Assepsia processual
Passado o pico da pandemia de Covid-19, o Judiciário inicia sua reabertura ao público externo gradativamente, e com uma série de medidas para prevenir um novo surto da doença. Em uma determinada comarca, o diretor do foro dá uma entrevista coletiva, orgulhoso das iniciativas vanguardistas que implementou e dos resultados que vem obtendo.
- Doutor diretor, quais foram as inciativas que esta serventia implementou para evitar a disseminação do coronavirus? – indaga uma repórter.
- Para começar, vamos trabalhar com menos servidores e juízes do que precisaríamos, dado o número de processos que tramitam nesta comarca.
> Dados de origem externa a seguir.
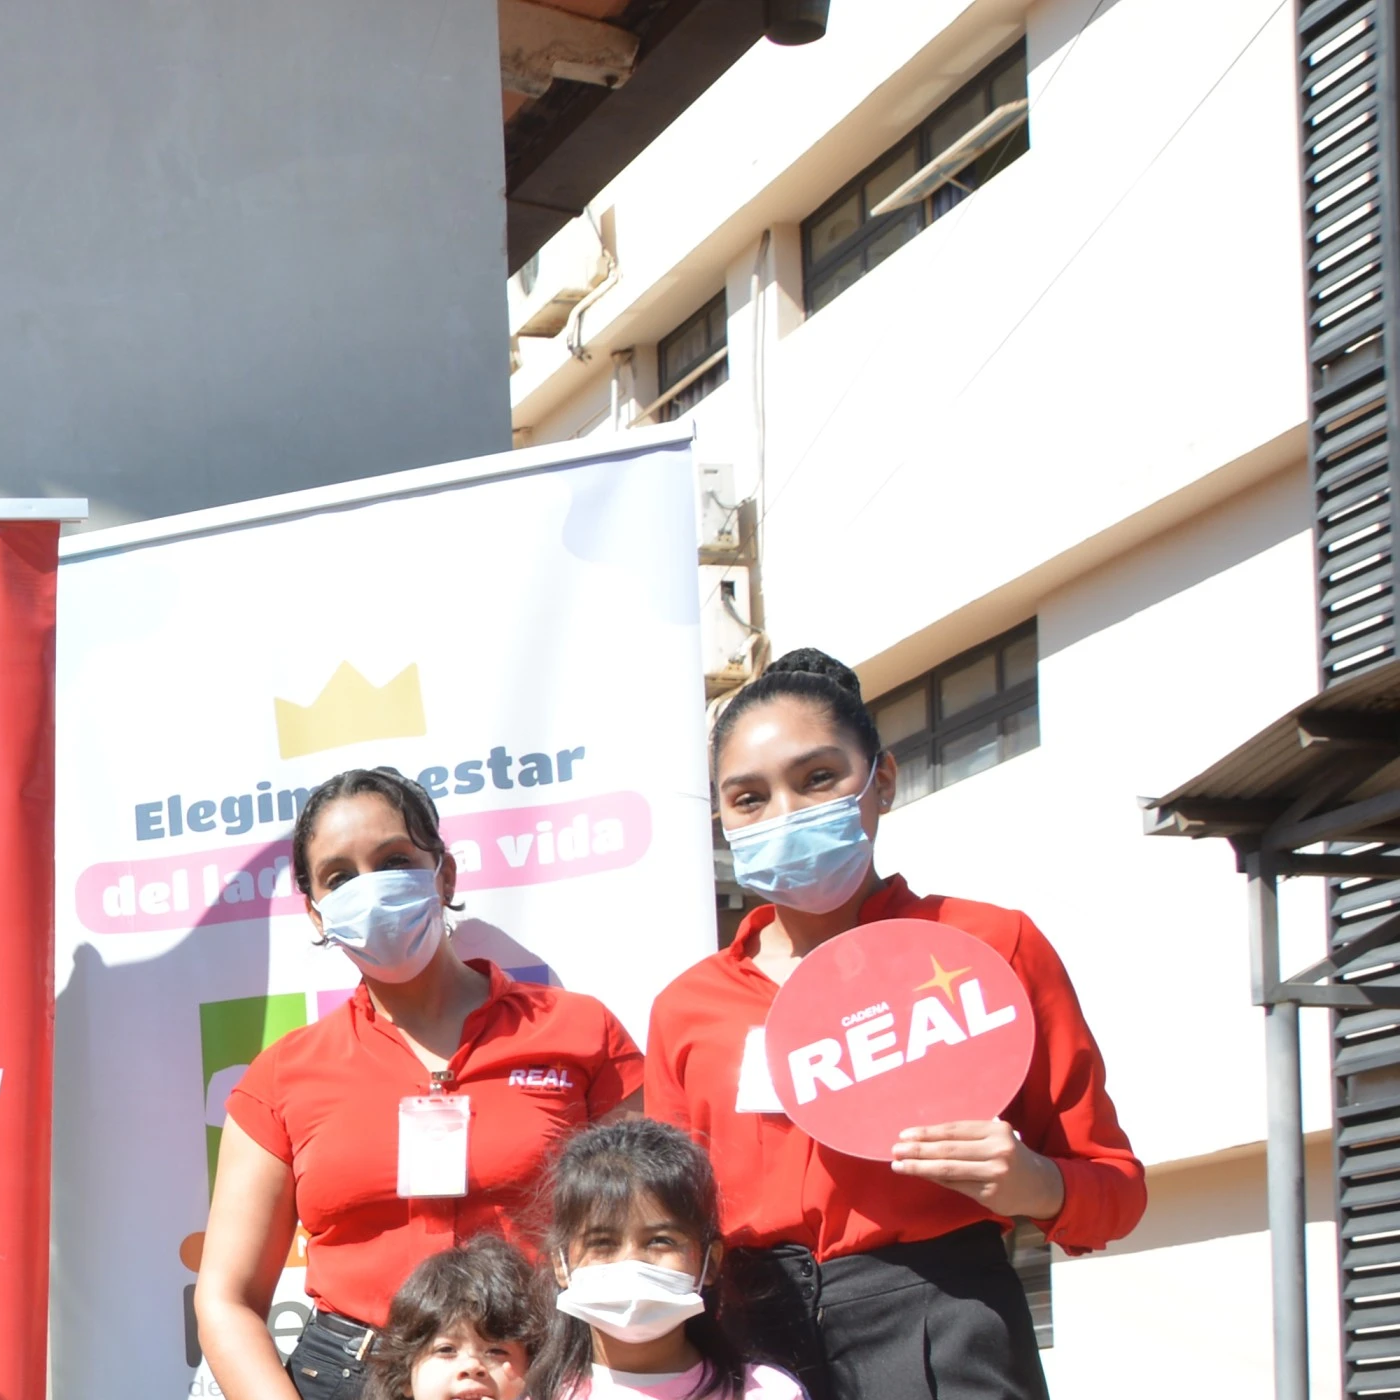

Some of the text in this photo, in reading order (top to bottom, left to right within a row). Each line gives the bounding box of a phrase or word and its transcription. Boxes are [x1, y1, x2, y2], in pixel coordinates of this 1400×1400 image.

Assim, evitaremos aglomeração de pessoas dentro das repartições, reduzindo o risco de contágio.
- Oooh! – exclama a plateia em uníssono, admirada com a abnegação e sacrifício pessoal que vem sendo realizado por funcionários e magistrados daquela comarca.
- Mas não é só isso... – prossegue o diretor – ... criamos o escaninho da quarentena processual, que nada mais é do que um prateleira para onde vão todos os autos que estavam em carga com os advogados e as respectivas petições para juntada. Esses documentos ficam em quarentena duas ou mais semanas, antes de o servidor realizar a juntada e remetê-los para os magistrados. Dessa forma, garantimos que o eventual vírus já estará morto, quando da conclusão do processo.
Uma onda de aplausos começa tímida pelo recinto, mas o juiz diretor a interrompe rapidamente, pois tinha ainda mais medidas para anunciar:
- E depois que os prazos processuais se encerram, também estamos deixando os processos em quarentena nas respectivas prateleiras para que não haja chance de o coronavírus sobreviver!
A plateia se levanta como que coreograficamente para aplaudir as iniciativas. Gritos e assobios também são ouvidos até que o agito começa lentamente a esmaecer, ocasião, em que o magistrado chefe, prossegue em sua explanação:
- Infelizmente, os juízes não atenderão mais os advogados, mas esse é um sacrifício necessário, em nome da responsabilidade social.
Os presentes acenam positivamente demonstrando a compreensão de que tal providência se justifica. Em seguida, um repórter se levanta para perguntar:
- Mas, senhor diretor, e o impacto que estas medidas estão tendo na celeridade processual? Vocês já têm números para divulgar nesse sentido?
O semblante do juiz comandante parece exprimir incerteza ao responder:
- Pois é... Ainda estamos tentando entender, mas asseguro-lhes que o prazo médio de duração de um processo, nesta comarca, não aumentou um dia sequer.
E então o público explode em gritos e aplausos entusiasmados! O diretor forense, percebendo a sua aprovação perante o público, ergue os braços e exclama:
- Celeridade e assepsia processual! Este é o nosso lema!